Thanks for sharing your rads experiences everyone, it will be a while before I'm due mine but it's nice to be prepared. Moogoo looks interesting, anyone tried their shampoo?

I'm back from my chemo, so far so good. There seems to be a ton of meds to take after the EC but hopefully there won't be too many horrible side effects. I only feel the tiniest bit nauseous right now. The red urine is interesting though, although blue was more comical. Everyone at the hospital said EC is usually easier than Tax, hope they're right.

Royal, how long will your course of rads be?

Hope you continue to feel well Fresta, if you do start to feel sick take some meds sooner rather than later. You might not need them though

I keep remembering rads things, I was meant to have 3 weeks but when I had my first appointment they increased it to 4 so I could have boosters. This caused me to panic a bit but they just said it was just to make sure everything was zapped. My skin did break down and I had special cream and dressings but it was just a bit sore, very manageable and it went after a few weeks

Hi all, i'm starting rads in Feb and have bought some moogoo udder cream - it's lovely, rich and thick and has a nice smell, I also bought the deodorant as is aluminium free, didn't try the shampoo as waiting for mine to calm down and stop falling after cold capping...

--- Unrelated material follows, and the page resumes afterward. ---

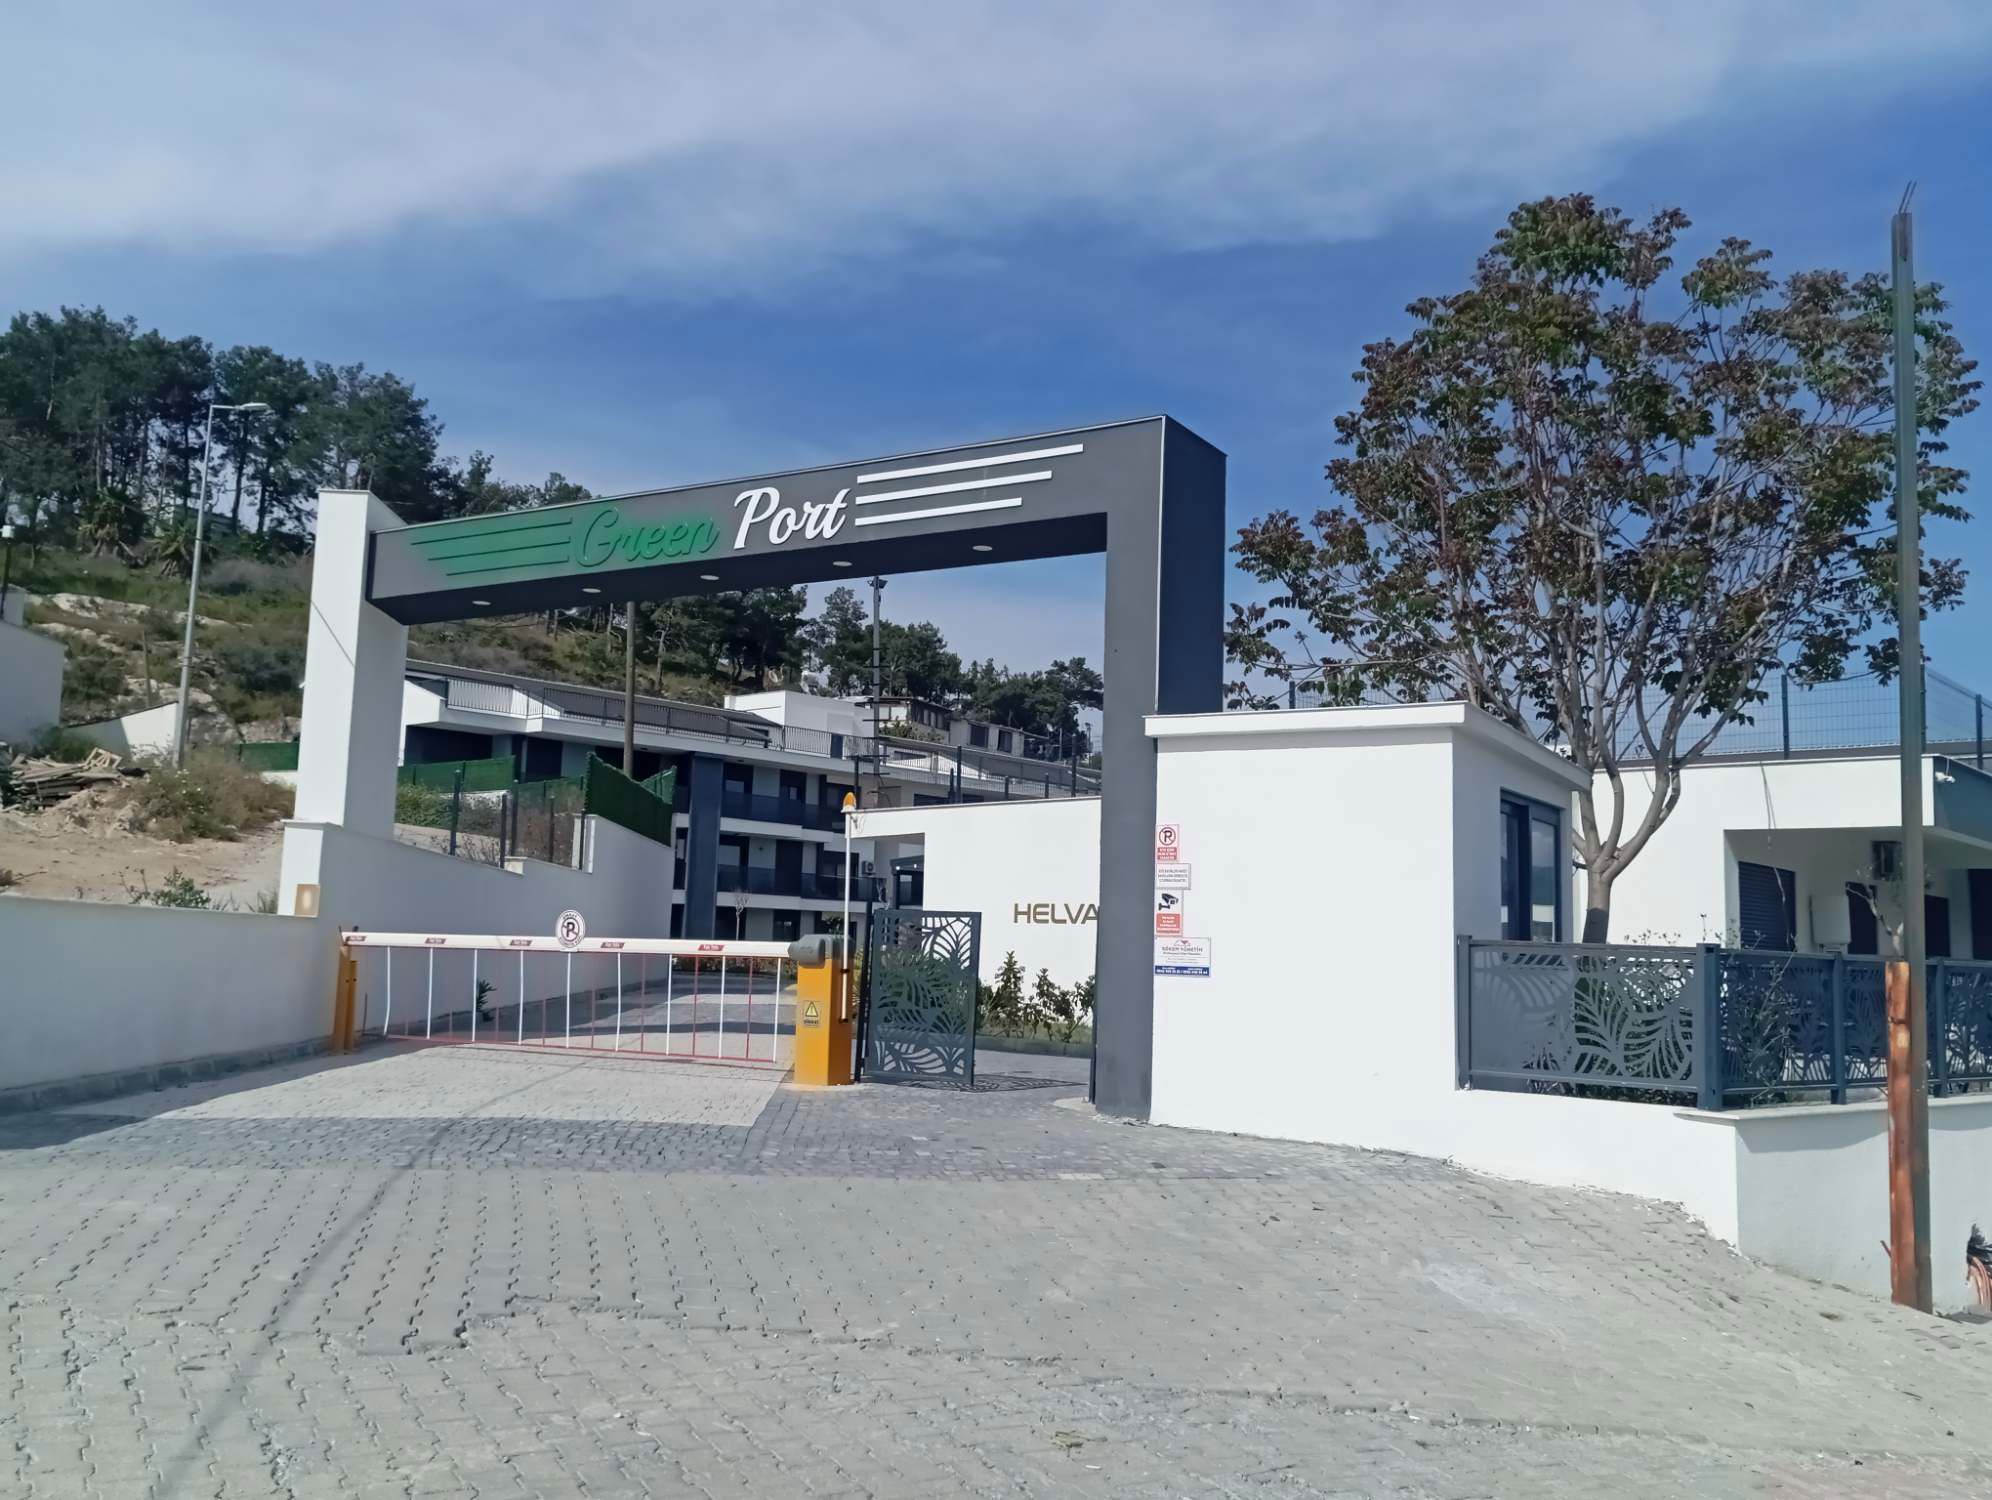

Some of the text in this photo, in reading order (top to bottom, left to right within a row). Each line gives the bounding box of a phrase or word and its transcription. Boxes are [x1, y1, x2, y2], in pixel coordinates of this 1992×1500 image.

[576, 486, 852, 567] Green Port
[1013, 903, 1099, 924] HELVA

Those who've had rads with any form of implant, did you get shrinkage and tightening around it? Have an expander implant and hope it doesn't get too painful was warned by consultant that could happen and not to worry.. But now I am worrying!

Moogoo was great for me, my skin was fine even though there were only three weeks between my mastectomy and rads.

Moogoo actually have a special oncology pack.